Of course, my real education began after leaving school and by not going on to college. I learned much, much more about FDR, JFK and Wilson without the benefit of teachers whose eyes would shine brightly in adulation when their names were mentioned and who would brook no disagreement (mostly with a sneering ad hominem), and maintained my status as a reactionary, but highly knowledgeable lowbrow.

Cass Sunstein's eyes also shine brightly when he speaks or writes about FDR and President Barack Obama. Sunstein, former administrator of the White House Office of Information and Regulatory Affairs (a post he left to return to Harvard Law School) had an op-ed on the Bloomberg View on January 28th, "Obama, FDR and the Second Bill of Rights." In it he approves of, promulgates, and sells Obama's alleged desire to establish that "Second Bill of Rights" while keeping the "old" Bill of Rights.

George Orwell noted in his Appendix to Nineteen Eighty-Four about the totalitarian take-over of language, in his novel called "Newspeak," that a full translation of Jefferson words about "self-evident truths" from the Declaration of Independence [into Newspeak] "could only be an ideological translation, whereby Jefferson's words would be changed into a panegyric on absolute government."*

Sunstein's article is such a panegyric on absolute government, written not in indecipherable Newspeak jargon, but in one in which certain terms are dropped into the text without justification or validation, and intended to allay the suspicion that a fast one was being pulled on the reader. Sunstein claims that FDR was not an enemy of capitalism, nor, he claims, is Obama, simply because Obama mentioned "free enterprise" in his inaugural address without making a face.

Sunstein pulls his own Newspeak shell game when he writes:

Drawing on Thomas Jefferson, Roosevelt insisted that “these economic truths have become accepted as self-evident. We have accepted, so to speak, a second Bill of Rights under which a new basis of security and prosperity can be established for all regardless of station, race or creed.”

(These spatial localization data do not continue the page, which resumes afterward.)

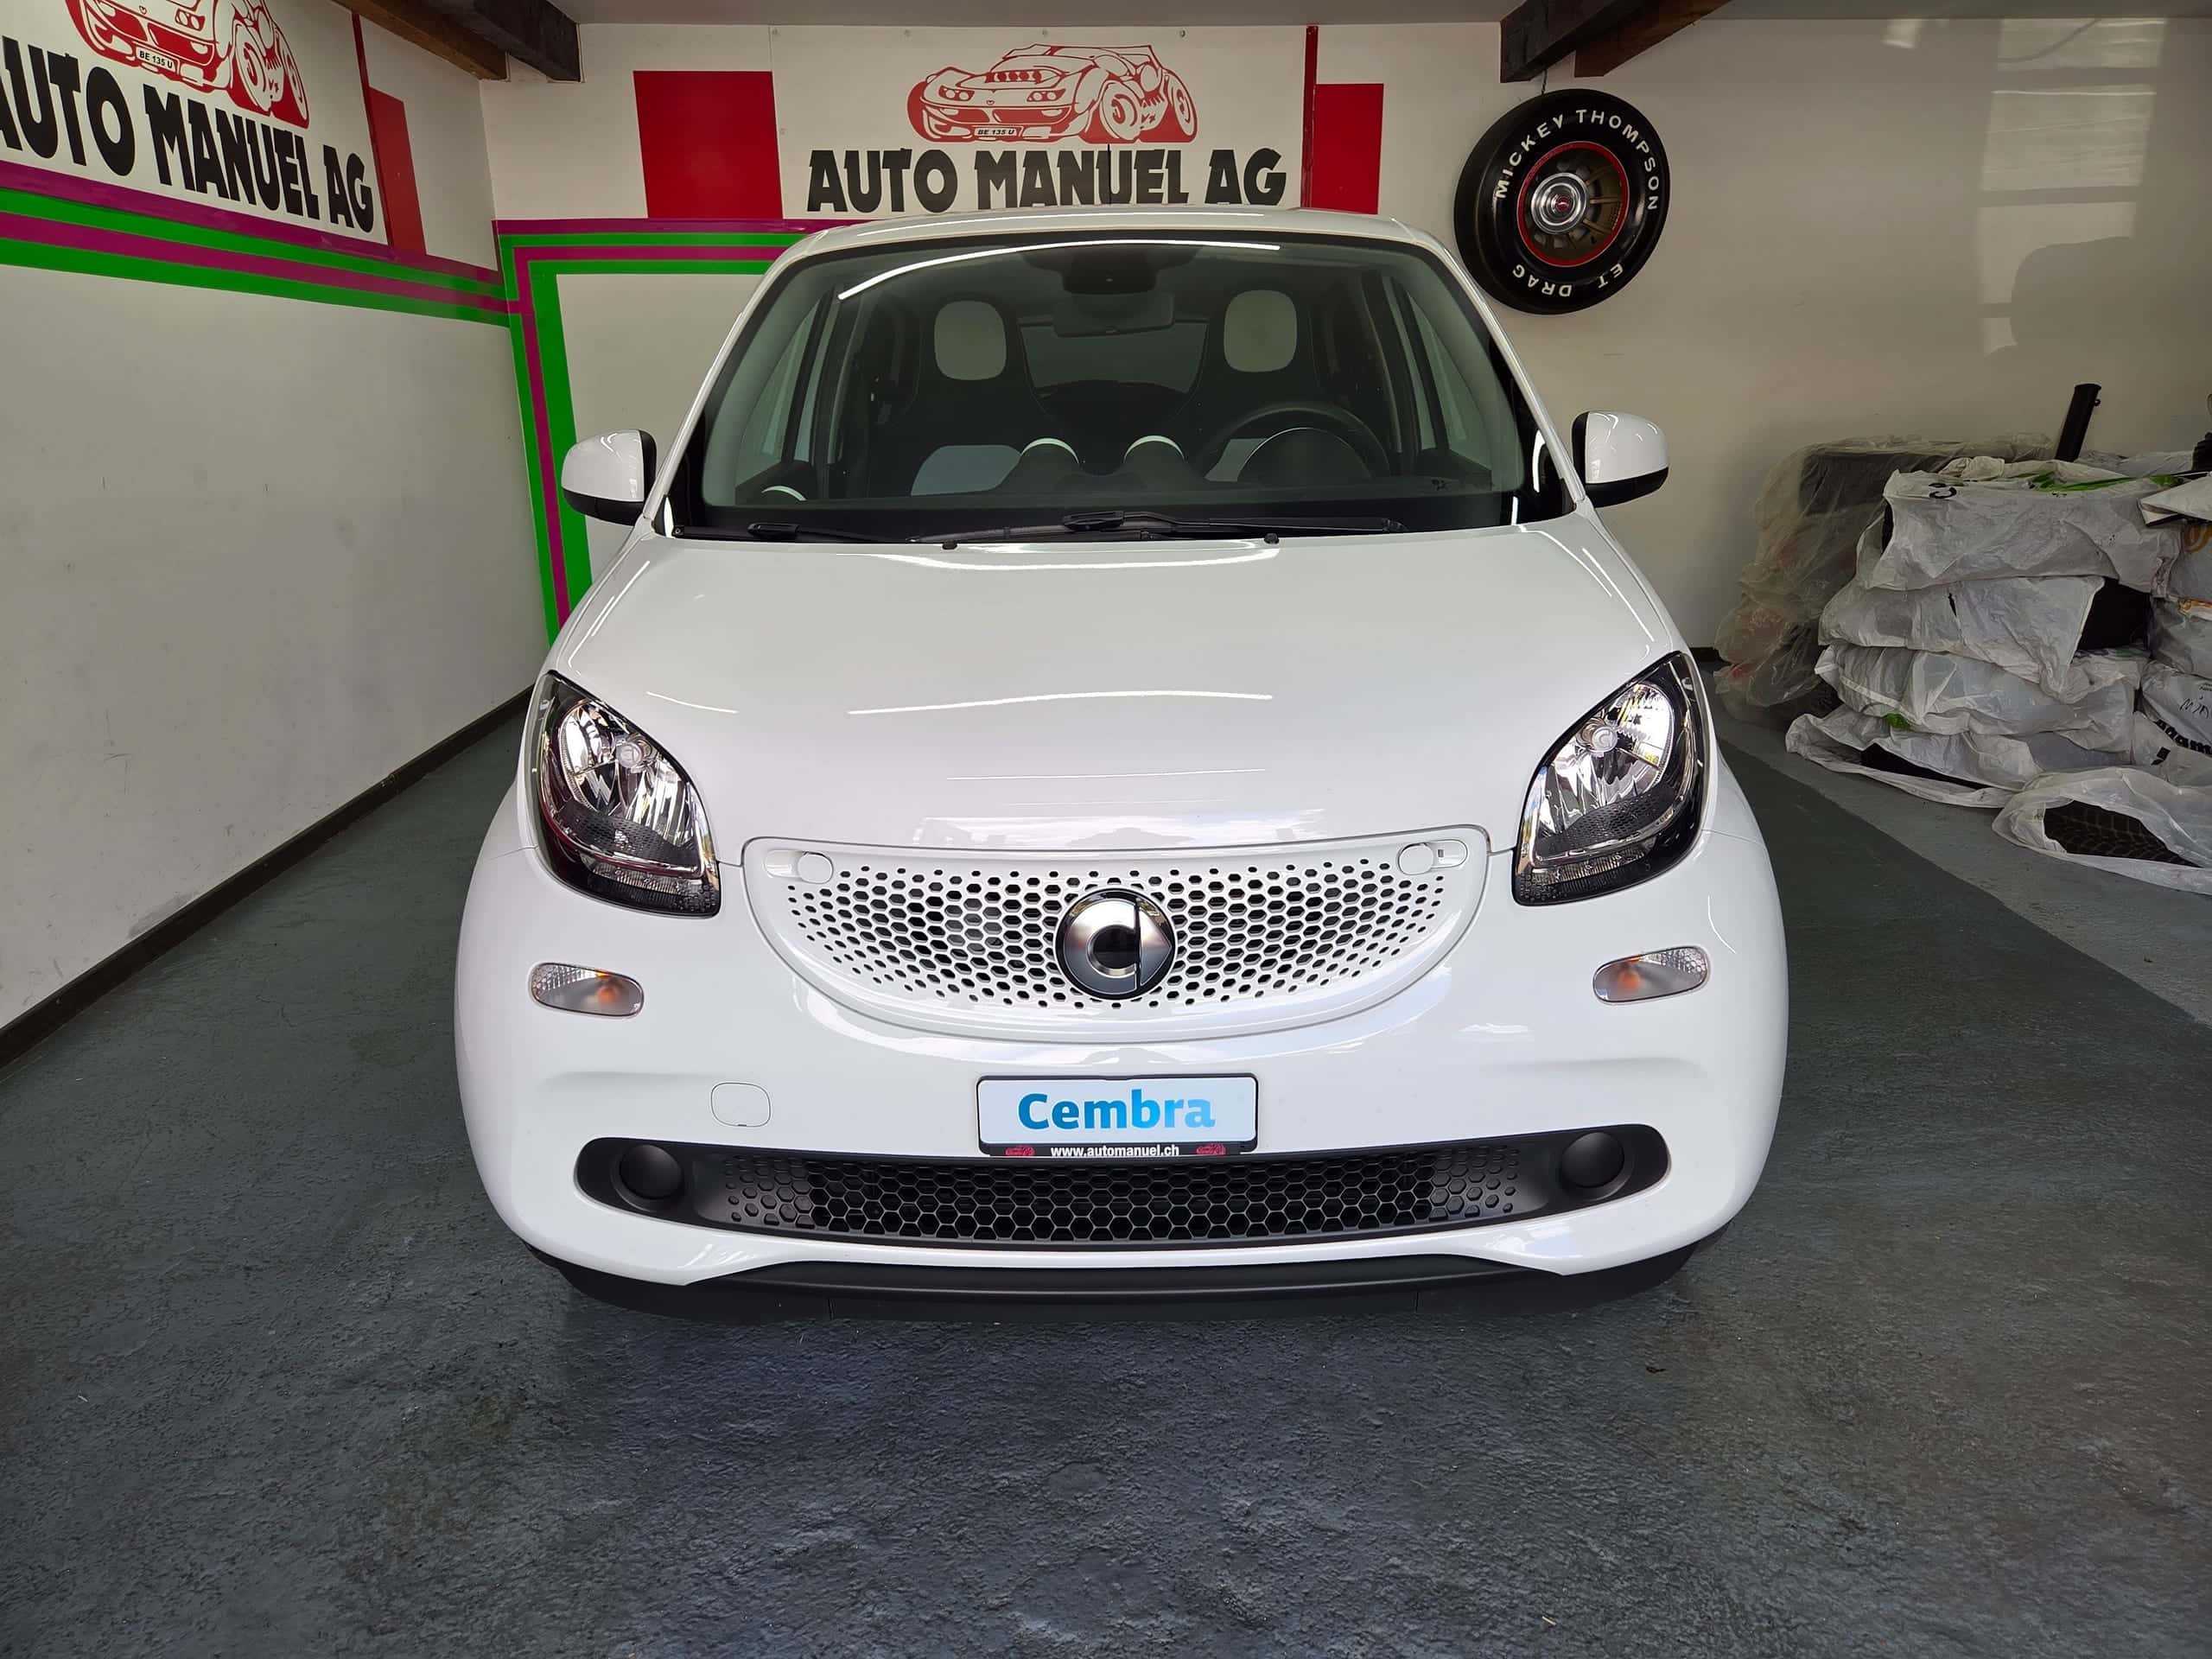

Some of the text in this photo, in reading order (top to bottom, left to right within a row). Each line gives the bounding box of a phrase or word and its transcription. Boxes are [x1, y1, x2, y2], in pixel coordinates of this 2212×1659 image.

[143, 84, 320, 219] MANUEL
[323, 144, 374, 232] AG
[806, 148, 1287, 213] AUTO MANUEL AG
[1495, 109, 1660, 210] MICKEY THOMPSON
[1512, 263, 1624, 297] ET DRAG
[1018, 1089, 1216, 1130] Cembra
[1051, 1144, 1179, 1157] www.automanuel.ch

It is important to be clear about what FDR meant. He did not propose to amend the Constitution. He did not think that the Supreme Court should enforce the Second Bill of Rights. He believed in free markets and free enterprise; he had no interest in socialism.

What twaddle! Roosevelt did not believe in free markets. If he had believed in them, he would not have pushed for all the welfare legislation he did. He would not have tried to pack the Supreme Court with justices friendly to his economic and social welfare programs. He would have advocated getting the government out of the economy, beginning with the abolition of the income tax and the Federal Reserve System. Roosevelt took the side-door approach to socialism, as leftist/progressives do today, not calling it that, but instead the government's "responsibility" to do something about all the government-caused and perpetuated problems and crises that existed in his time. So it is with Obama.

Except that Obama is a nihilist whose agenda on the surface appears to be fascist or "national socialist," but which fundamentally is geared for destruction for destruction's sake in the name of "transforming" the country.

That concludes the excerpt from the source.